Stored items
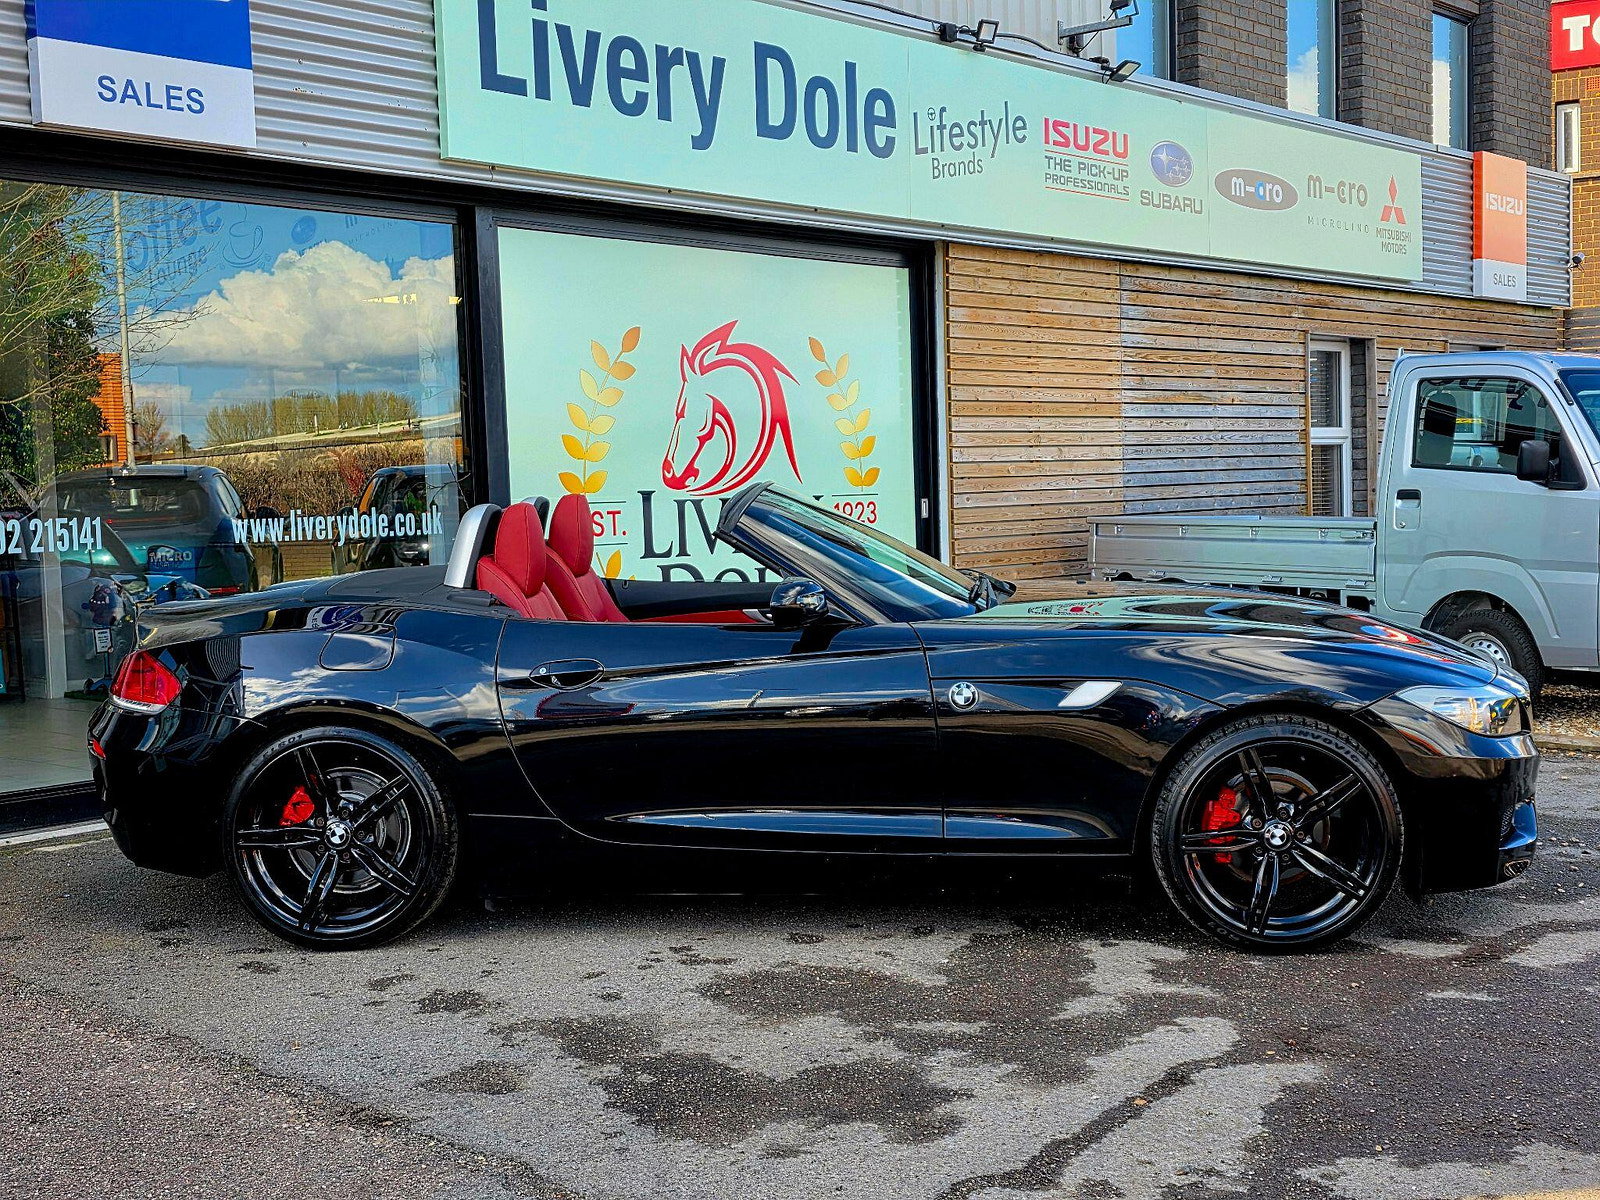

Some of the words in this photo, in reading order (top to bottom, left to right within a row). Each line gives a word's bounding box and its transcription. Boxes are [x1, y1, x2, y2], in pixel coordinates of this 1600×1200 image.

[477, 0, 726, 151] Livery
[754, 40, 897, 160] Dole
[97, 75, 205, 115] SALES
[913, 101, 1028, 159] Lifestyle
[1043, 117, 1130, 160] ISUZU
[931, 152, 984, 179] Brands
[1044, 155, 1072, 174] THE
[1078, 158, 1130, 181] PICK-UP
[1044, 173, 1130, 196] PROFESSIONALS
[1139, 189, 1203, 215] SUBARU
[1485, 192, 1524, 216] ISUZU
[1307, 215, 1370, 234] MICROLINO
[1375, 227, 1412, 243] MITSUBISHI
[1381, 241, 1407, 255] MOTORS
[1492, 273, 1517, 288] SALES
[29, 516, 103, 553] 215141
[231, 504, 443, 547] www.liverydole.co.uk
[592, 509, 627, 537] ST.
[637, 490, 742, 560] LIV
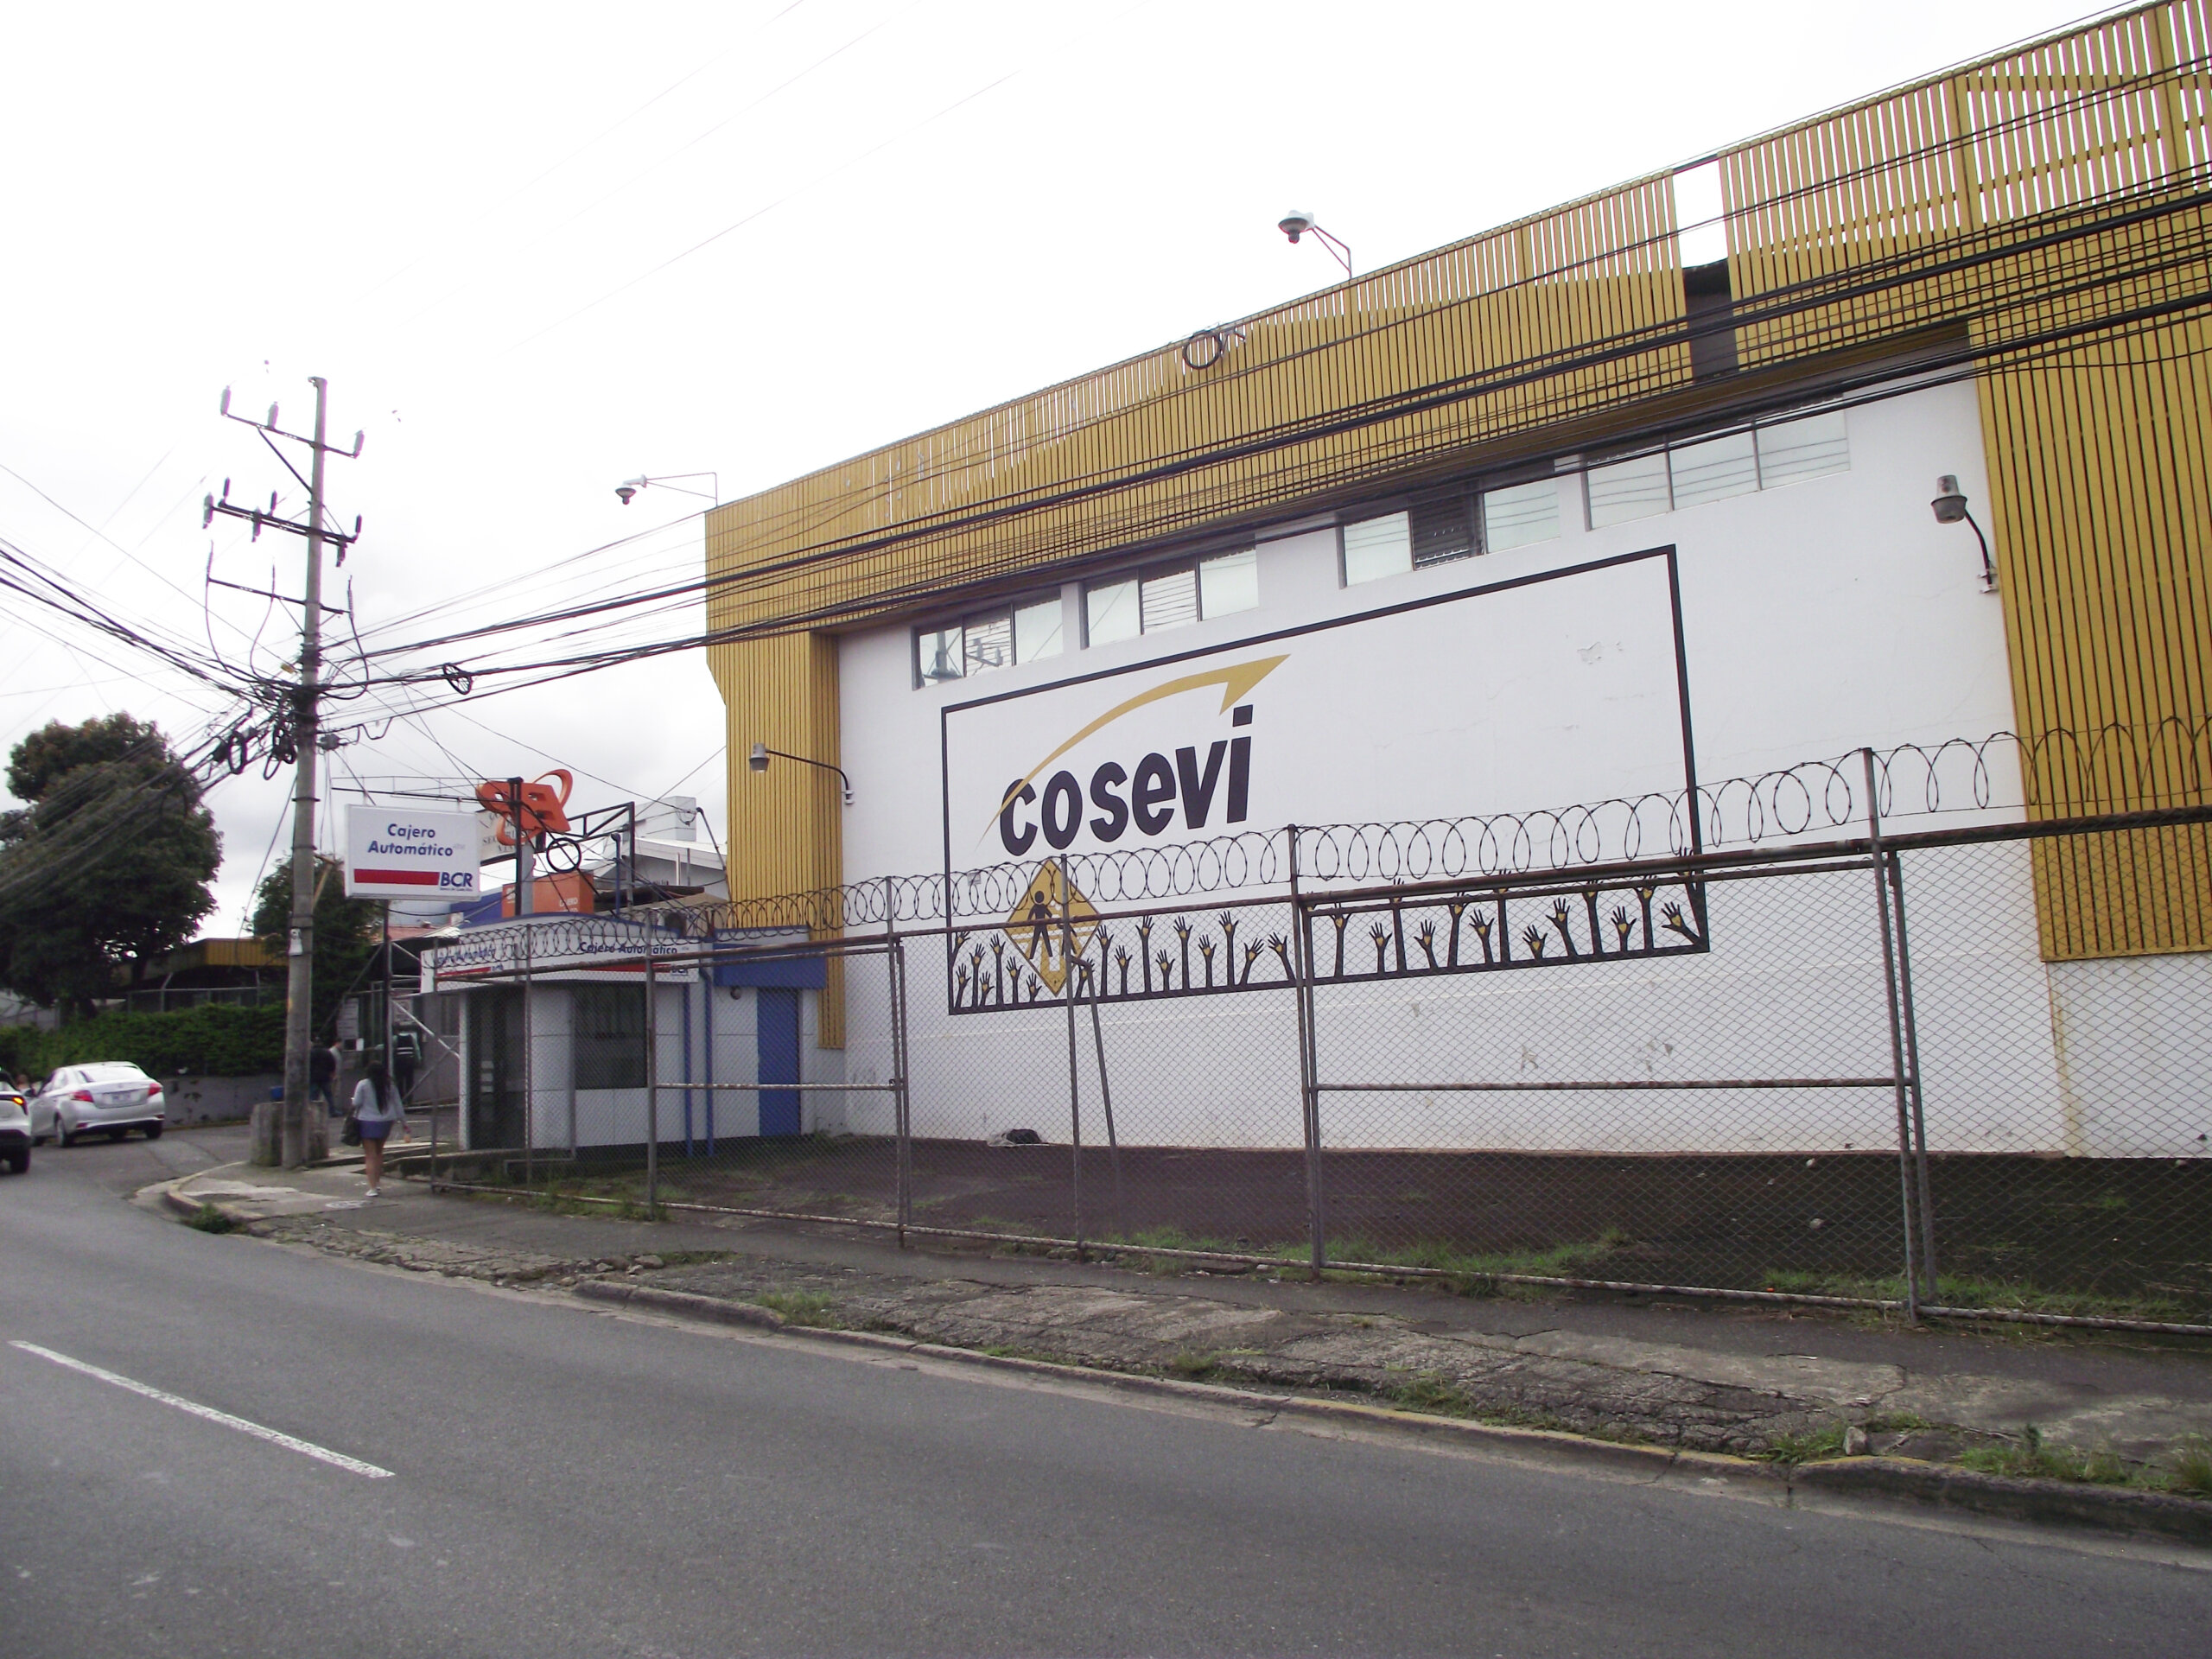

__Exercise__: The reply must hold each line of the records verbatim and no pictures.

__Written reply__:
Some of the words in this photo, in reading order (top to bottom, left to right within a row). Each line gives a word's bounding box and its transcription. Boxes are [x1, y1, x2, y2], in pixel coordinates of this 1600×1200 image.

[477, 0, 726, 151] Livery
[754, 40, 897, 160] Dole
[97, 75, 205, 115] SALES
[913, 101, 1028, 159] Lifestyle
[1043, 117, 1130, 160] ISUZU
[931, 152, 984, 179] Brands
[1044, 155, 1072, 174] THE
[1078, 158, 1130, 181] PICK-UP
[1044, 173, 1130, 196] PROFESSIONALS
[1139, 189, 1203, 215] SUBARU
[1485, 192, 1524, 216] ISUZU
[1307, 215, 1370, 234] MICROLINO
[1375, 227, 1412, 243] MITSUBISHI
[1381, 241, 1407, 255] MOTORS
[1492, 273, 1517, 288] SALES
[29, 516, 103, 553] 215141
[231, 504, 443, 547] www.liverydole.co.uk
[592, 509, 627, 537] ST.
[637, 490, 742, 560] LIV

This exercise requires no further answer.